__DESCRIPTION OF THE TASK__
Where an image occurs, skip it and print the rest of the records verbatim.

__EXTRACTED RECORDS__
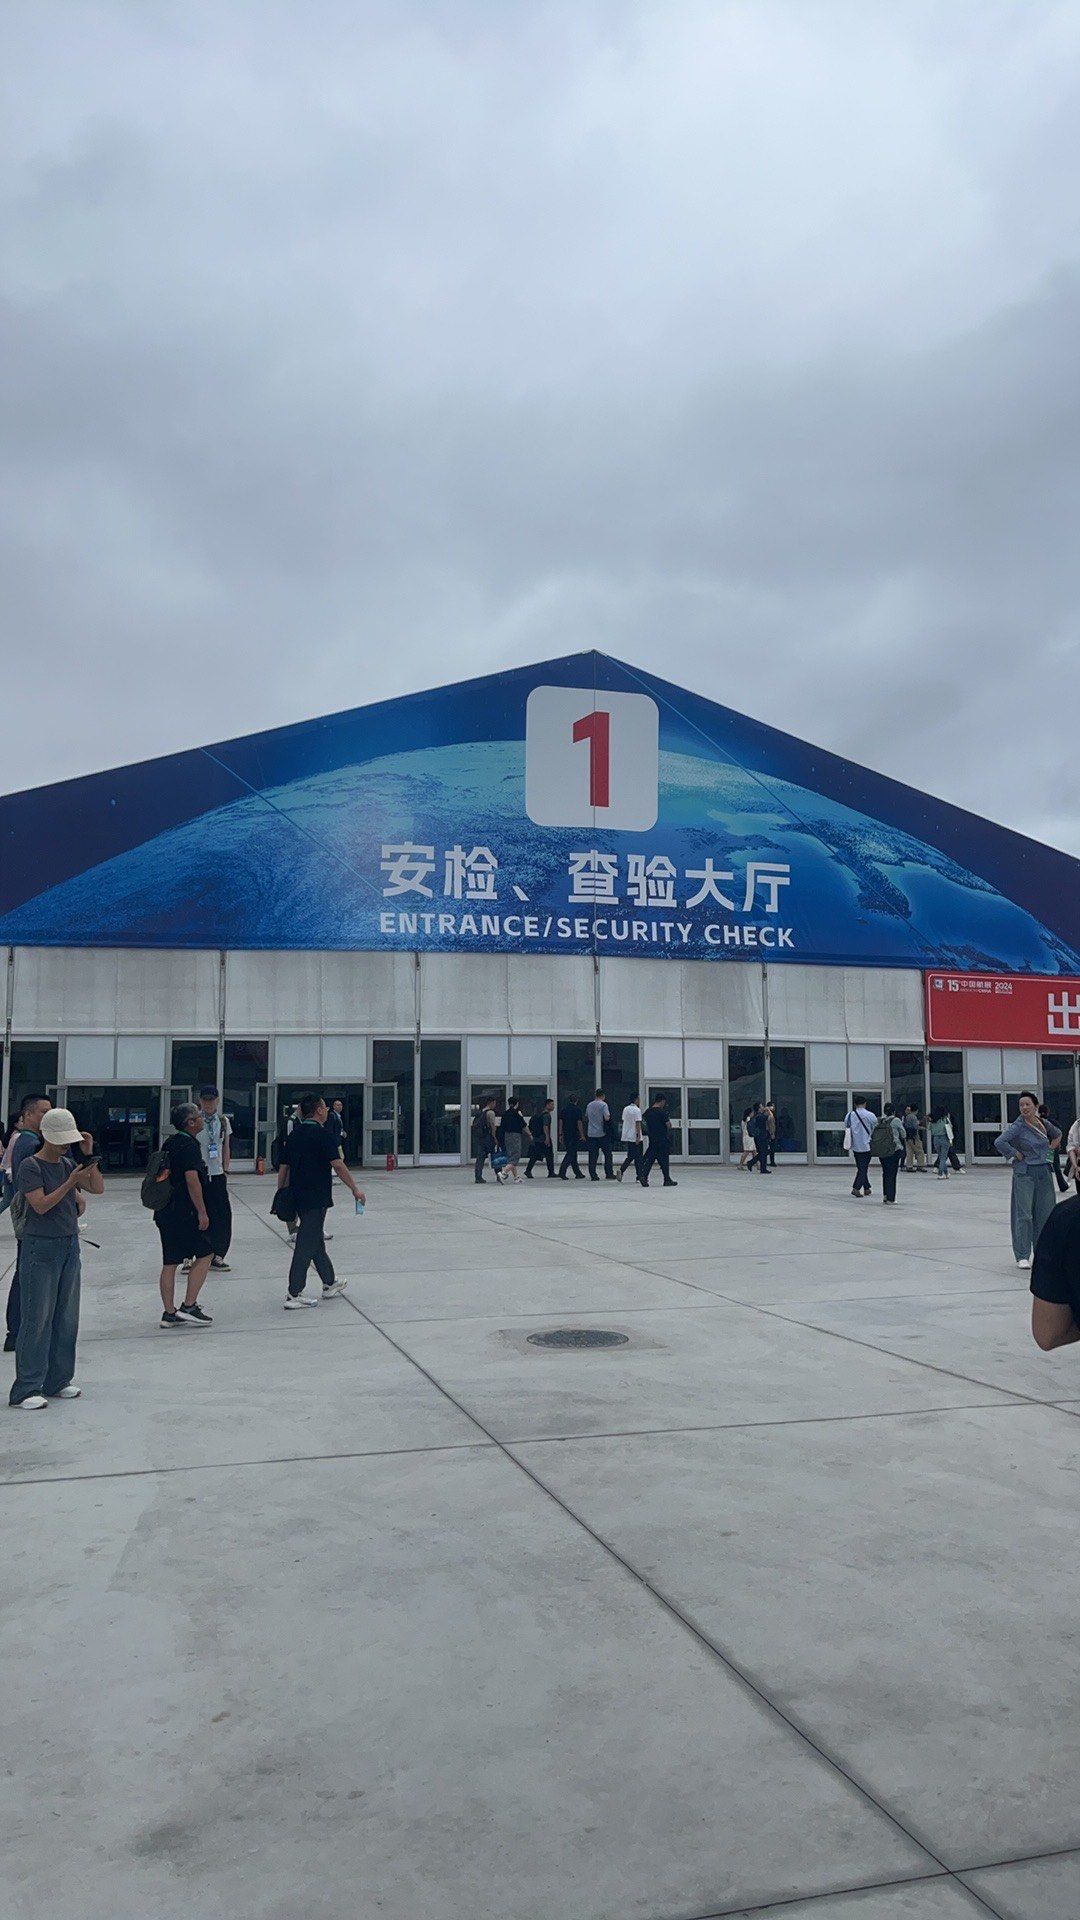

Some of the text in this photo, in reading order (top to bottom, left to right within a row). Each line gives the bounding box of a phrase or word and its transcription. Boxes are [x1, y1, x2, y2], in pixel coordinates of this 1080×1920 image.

[572, 711, 610, 808] 1
[380, 841, 791, 913] 安检、查验大厅
[379, 912, 796, 948] ENTRANCE/SECURITY CHECK
[947, 979, 960, 992] 15
[994, 981, 1013, 991] 2024
[1047, 991, 1080, 1036] 出

__ANSWER AREA__
Some of the text in this photo, in reading order (top to bottom, left to right within a row). Each line gives the bounding box of a phrase or word and its transcription. Boxes are [x1, y1, x2, y2], in pixel coordinates of this 1080×1920 image.

[572, 711, 610, 808] 1
[380, 841, 791, 913] 安检、查验大厅
[379, 912, 796, 948] ENTRANCE/SECURITY CHECK
[947, 979, 960, 992] 15
[994, 981, 1013, 991] 2024
[1047, 991, 1080, 1036] 出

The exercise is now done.